Recorded data:
========================

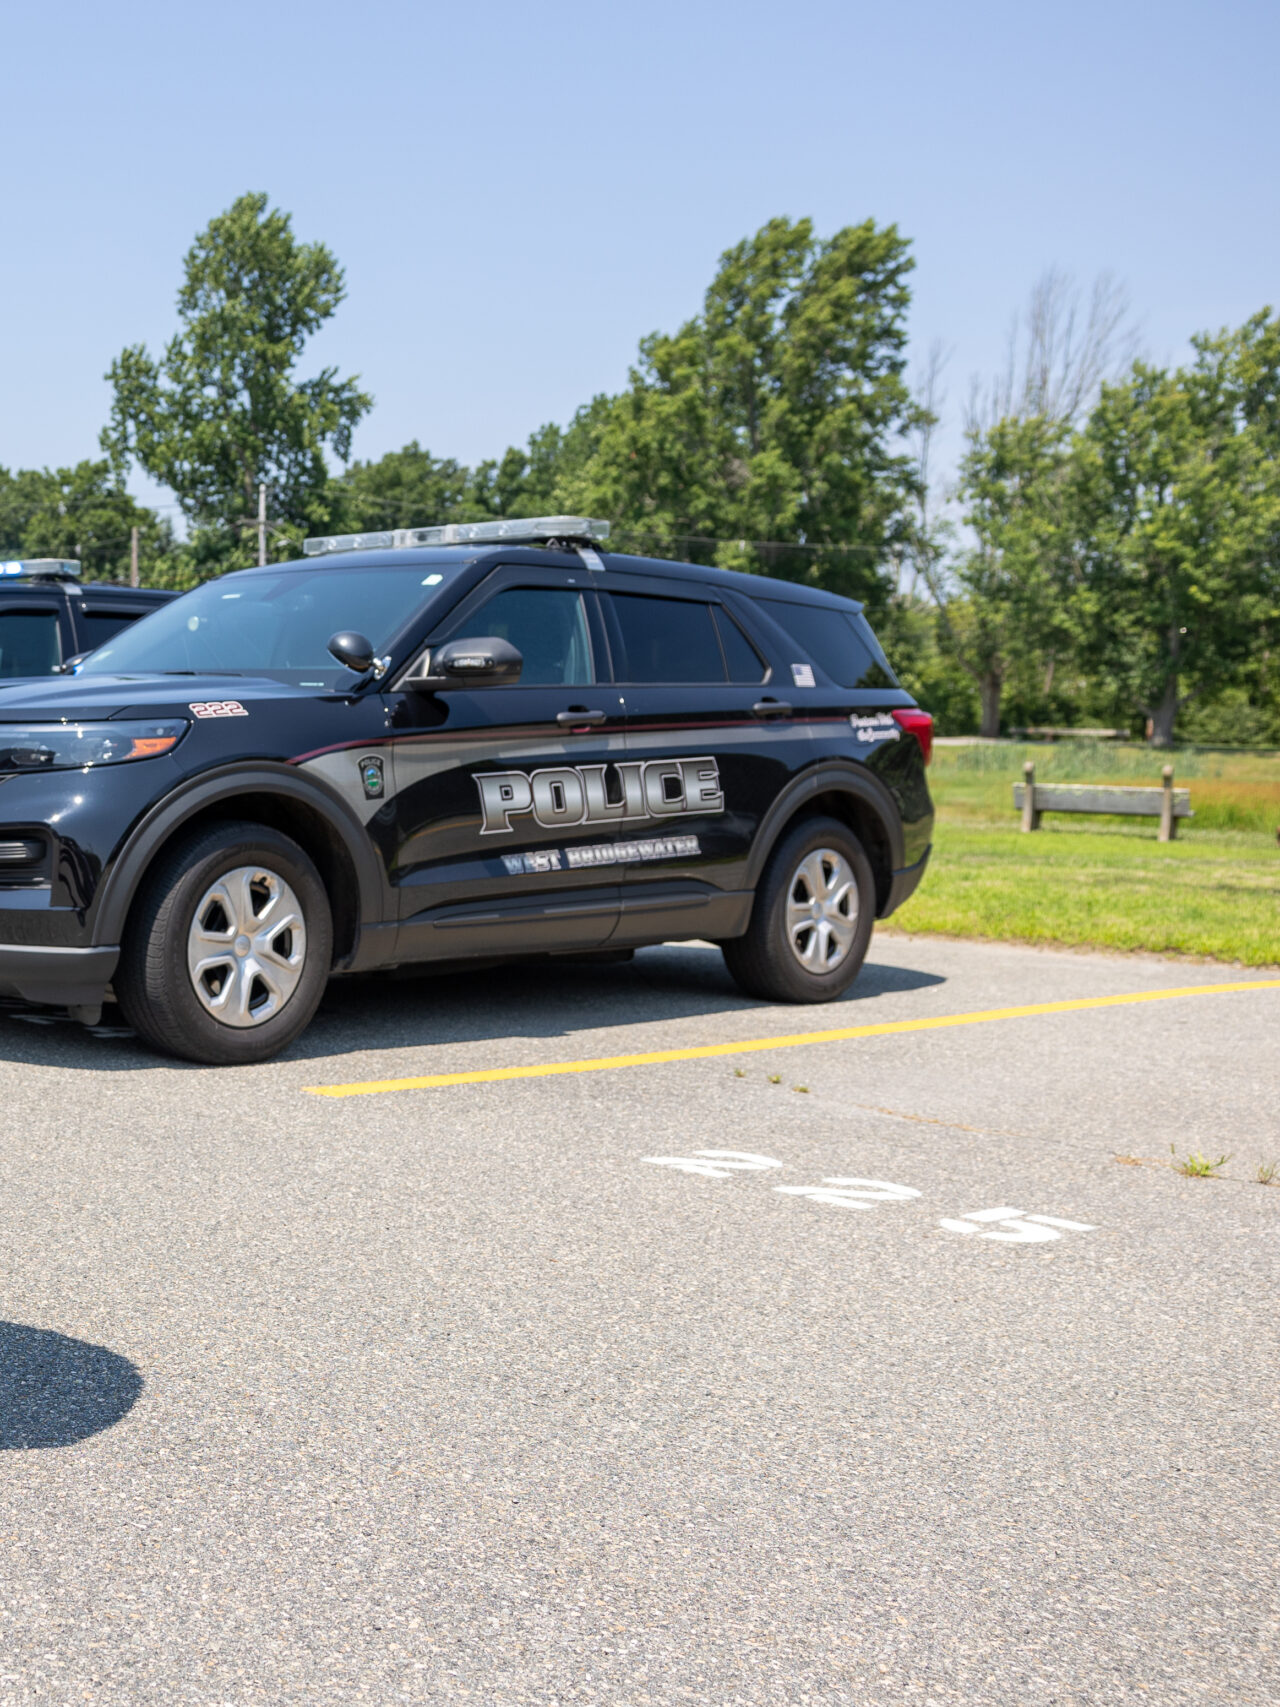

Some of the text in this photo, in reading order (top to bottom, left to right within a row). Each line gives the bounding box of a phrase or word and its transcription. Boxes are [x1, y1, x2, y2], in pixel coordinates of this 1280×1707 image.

[189, 701, 249, 719] 222
[472, 756, 725, 835] POLICE
[501, 835, 702, 875] WEST BRIDGEWATER
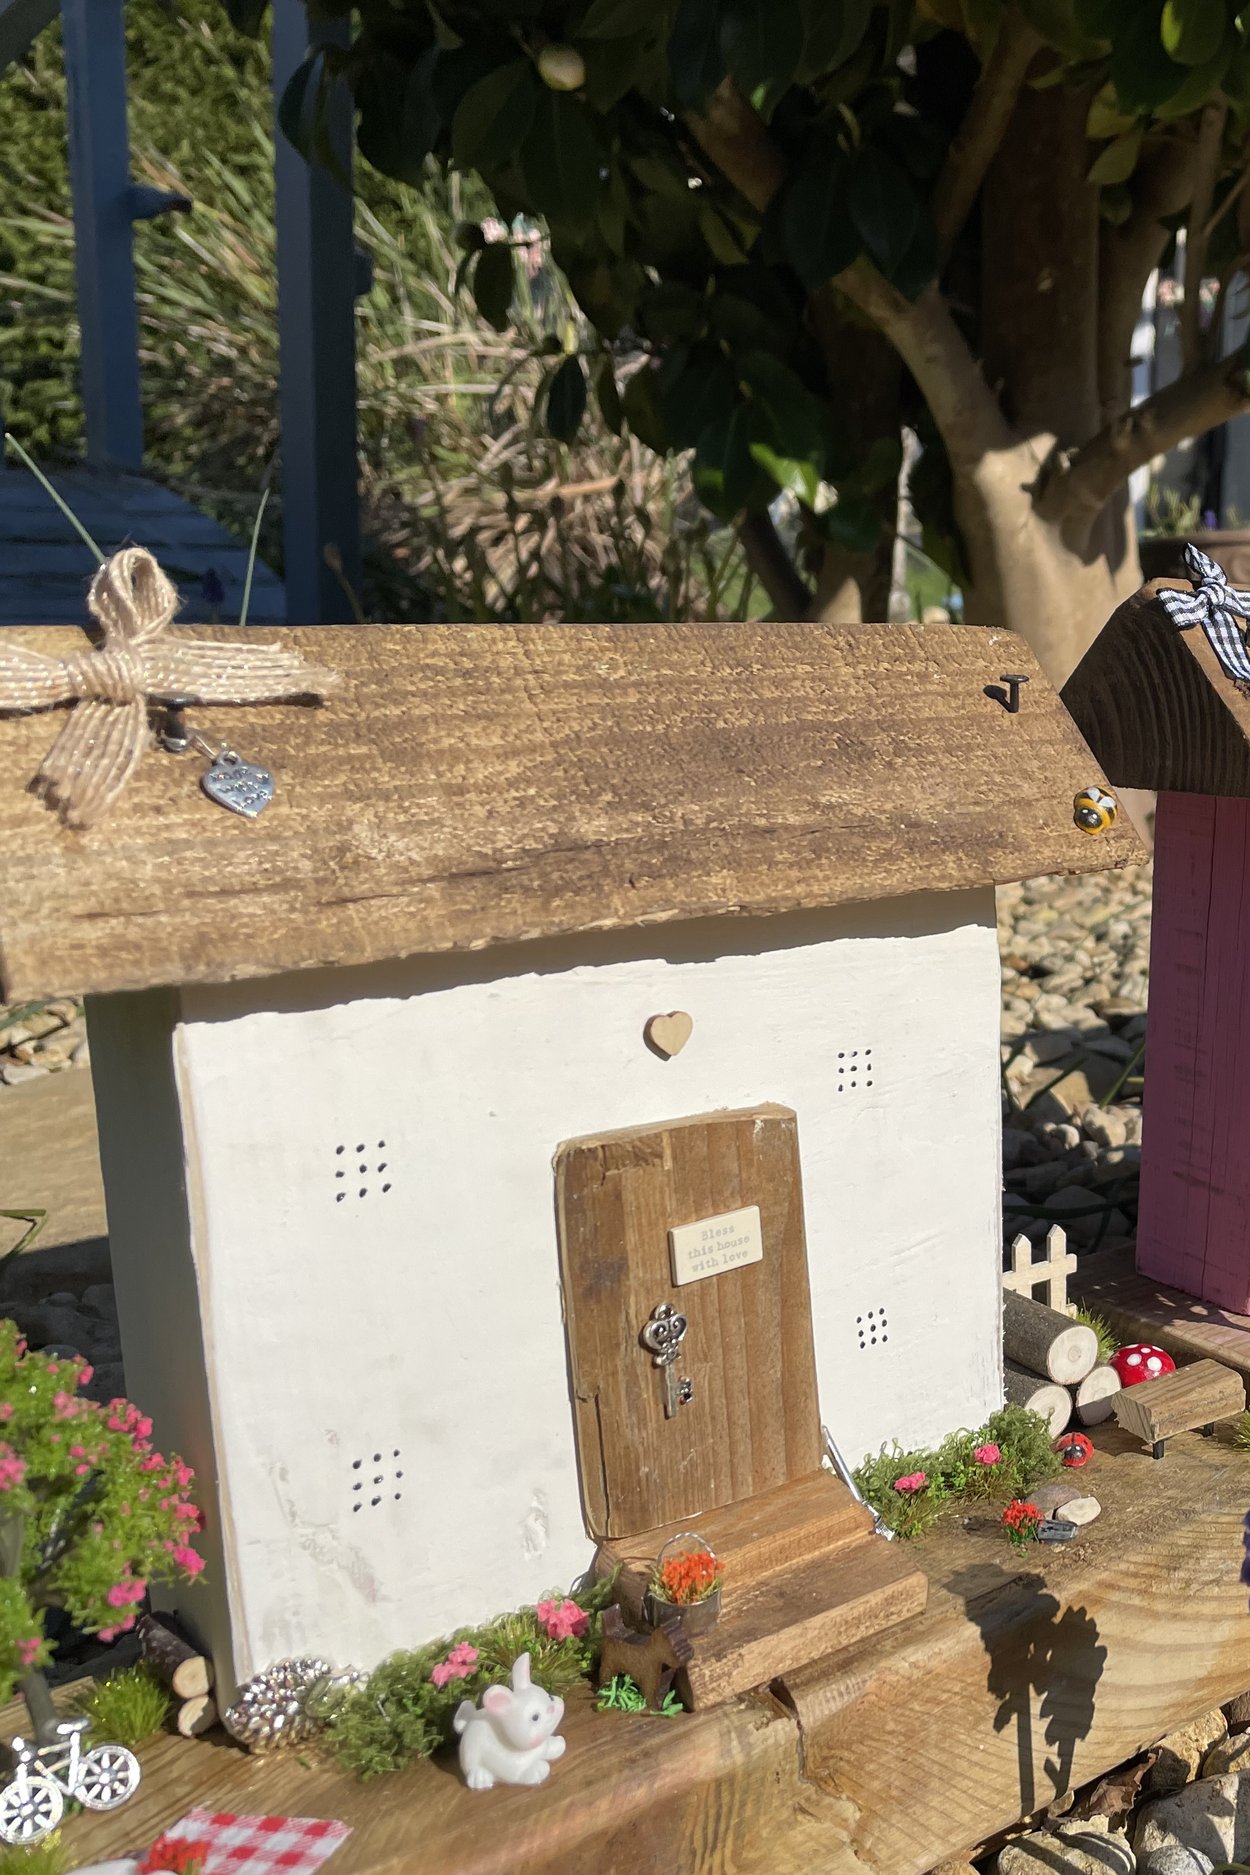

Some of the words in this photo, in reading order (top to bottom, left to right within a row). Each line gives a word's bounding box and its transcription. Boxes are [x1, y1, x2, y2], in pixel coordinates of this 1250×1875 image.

[701, 1225, 735, 1241] Bless
[688, 1245, 714, 1259] this
[717, 1235, 750, 1251] house
[692, 1257, 719, 1272] with
[723, 1250, 748, 1264] love
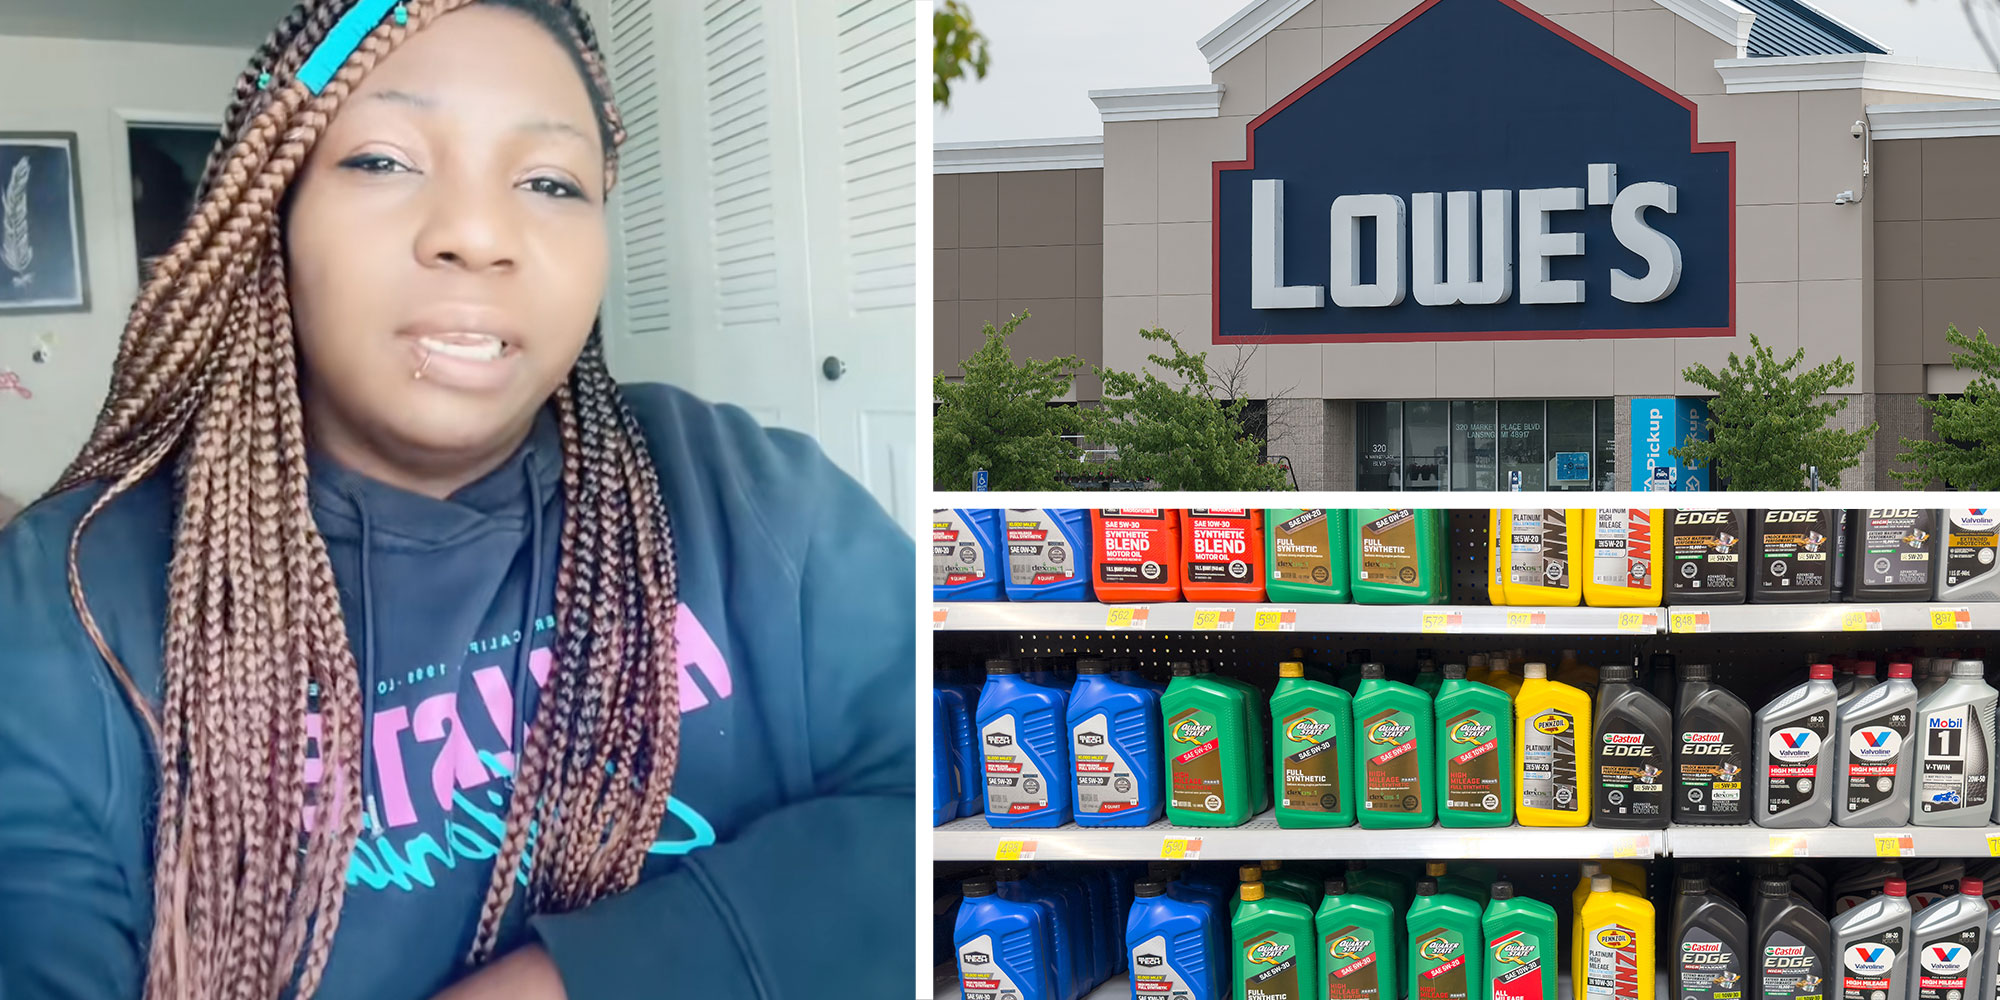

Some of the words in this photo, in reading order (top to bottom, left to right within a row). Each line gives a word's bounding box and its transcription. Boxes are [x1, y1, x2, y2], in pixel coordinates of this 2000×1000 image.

[1252, 163, 1682, 309] LOWE'S
[1647, 408, 1663, 471] Pickup
[1372, 444, 1386, 452] 320
[1288, 516, 1302, 529] SAE
[1300, 509, 1321, 523] 0W-20
[1376, 516, 1389, 529] SAE
[1388, 509, 1409, 523] 0W-20
[1674, 512, 1730, 524] EDGE
[1765, 511, 1820, 523] EDGE
[1869, 509, 1919, 518] EDGE
[1194, 530, 1244, 539] SYNTHETIC
[1106, 539, 1150, 551] BLEND
[1194, 540, 1246, 553] BLEND
[1538, 720, 1565, 728] PENNZOIL
[1929, 718, 1962, 728] Mobil
[1613, 735, 1641, 743] Castrol
[1692, 734, 1721, 742] Castrol
[1938, 730, 1950, 755] 1
[1183, 752, 1194, 761] SAE
[1195, 743, 1212, 756] 5W-20
[1299, 750, 1311, 760] SAE
[1312, 742, 1330, 754] 5W-30
[1380, 752, 1393, 762] SAE
[1393, 743, 1411, 756] 5W-30
[1460, 752, 1472, 762] SAE
[1472, 742, 1493, 756] 10W-30
[1602, 746, 1655, 757] EDGE
[1682, 744, 1734, 755] EDGE
[1968, 775, 1986, 783] 20W-50
[1691, 943, 1719, 951] Castrol
[1774, 947, 1802, 955] Castrol
[1590, 950, 1614, 958] PLATINUM
[1682, 953, 1732, 963] EDGE
[1341, 967, 1353, 975] SAE
[1353, 957, 1371, 969] 5W-30
[1430, 968, 1442, 977] SAE
[1442, 959, 1460, 971] 5W-20
[1764, 956, 1815, 968] EDGE
[1259, 971, 1271, 980] SAE
[1272, 961, 1290, 974] 5W-30
[1504, 971, 1516, 980] SAE
[1517, 962, 1537, 975] 10W-30

========================

• WORK ORDER:
Every line above goes into the copy unchanged; the pictures do not.

• YOUR SOLUTION:
Some of the text in this photo, in reading order (top to bottom, left to right within a row). Each line gives the bounding box of a phrase or word and its transcription. Boxes are [x1, y1, x2, y2], in pixel coordinates of this 1280×1707 image.

[189, 701, 249, 719] 222
[472, 756, 725, 835] POLICE
[501, 835, 702, 875] WEST BRIDGEWATER

Some of the words in this photo, in reading order (top to bottom, left to right within a row). Each line gives a word's bounding box and its transcription. Boxes are [x1, y1, x2, y2], in pixel coordinates of this 1250×1875 image.

[701, 1225, 735, 1241] Bless
[688, 1245, 714, 1259] this
[717, 1235, 750, 1251] house
[692, 1257, 719, 1272] with
[723, 1250, 748, 1264] love

Some of the words in this photo, in reading order (top to bottom, left to right within a row). Each line gives a word's bounding box and its transcription. Boxes are [x1, y1, x2, y2], in pixel coordinates of this 2000×1000 image.

[1252, 163, 1682, 309] LOWE'S
[1647, 408, 1663, 471] Pickup
[1372, 444, 1386, 452] 320
[1288, 516, 1302, 529] SAE
[1300, 509, 1321, 523] 0W-20
[1376, 516, 1389, 529] SAE
[1388, 509, 1409, 523] 0W-20
[1674, 512, 1730, 524] EDGE
[1765, 511, 1820, 523] EDGE
[1869, 509, 1919, 518] EDGE
[1194, 530, 1244, 539] SYNTHETIC
[1106, 539, 1150, 551] BLEND
[1194, 540, 1246, 553] BLEND
[1538, 720, 1565, 728] PENNZOIL
[1929, 718, 1962, 728] Mobil
[1613, 735, 1641, 743] Castrol
[1692, 734, 1721, 742] Castrol
[1938, 730, 1950, 755] 1
[1183, 752, 1194, 761] SAE
[1195, 743, 1212, 756] 5W-20
[1299, 750, 1311, 760] SAE
[1312, 742, 1330, 754] 5W-30
[1380, 752, 1393, 762] SAE
[1393, 743, 1411, 756] 5W-30
[1460, 752, 1472, 762] SAE
[1472, 742, 1493, 756] 10W-30
[1602, 746, 1655, 757] EDGE
[1682, 744, 1734, 755] EDGE
[1968, 775, 1986, 783] 20W-50
[1691, 943, 1719, 951] Castrol
[1774, 947, 1802, 955] Castrol
[1590, 950, 1614, 958] PLATINUM
[1682, 953, 1732, 963] EDGE
[1341, 967, 1353, 975] SAE
[1353, 957, 1371, 969] 5W-30
[1430, 968, 1442, 977] SAE
[1442, 959, 1460, 971] 5W-20
[1764, 956, 1815, 968] EDGE
[1259, 971, 1271, 980] SAE
[1272, 961, 1290, 974] 5W-30
[1504, 971, 1516, 980] SAE
[1517, 962, 1537, 975] 10W-30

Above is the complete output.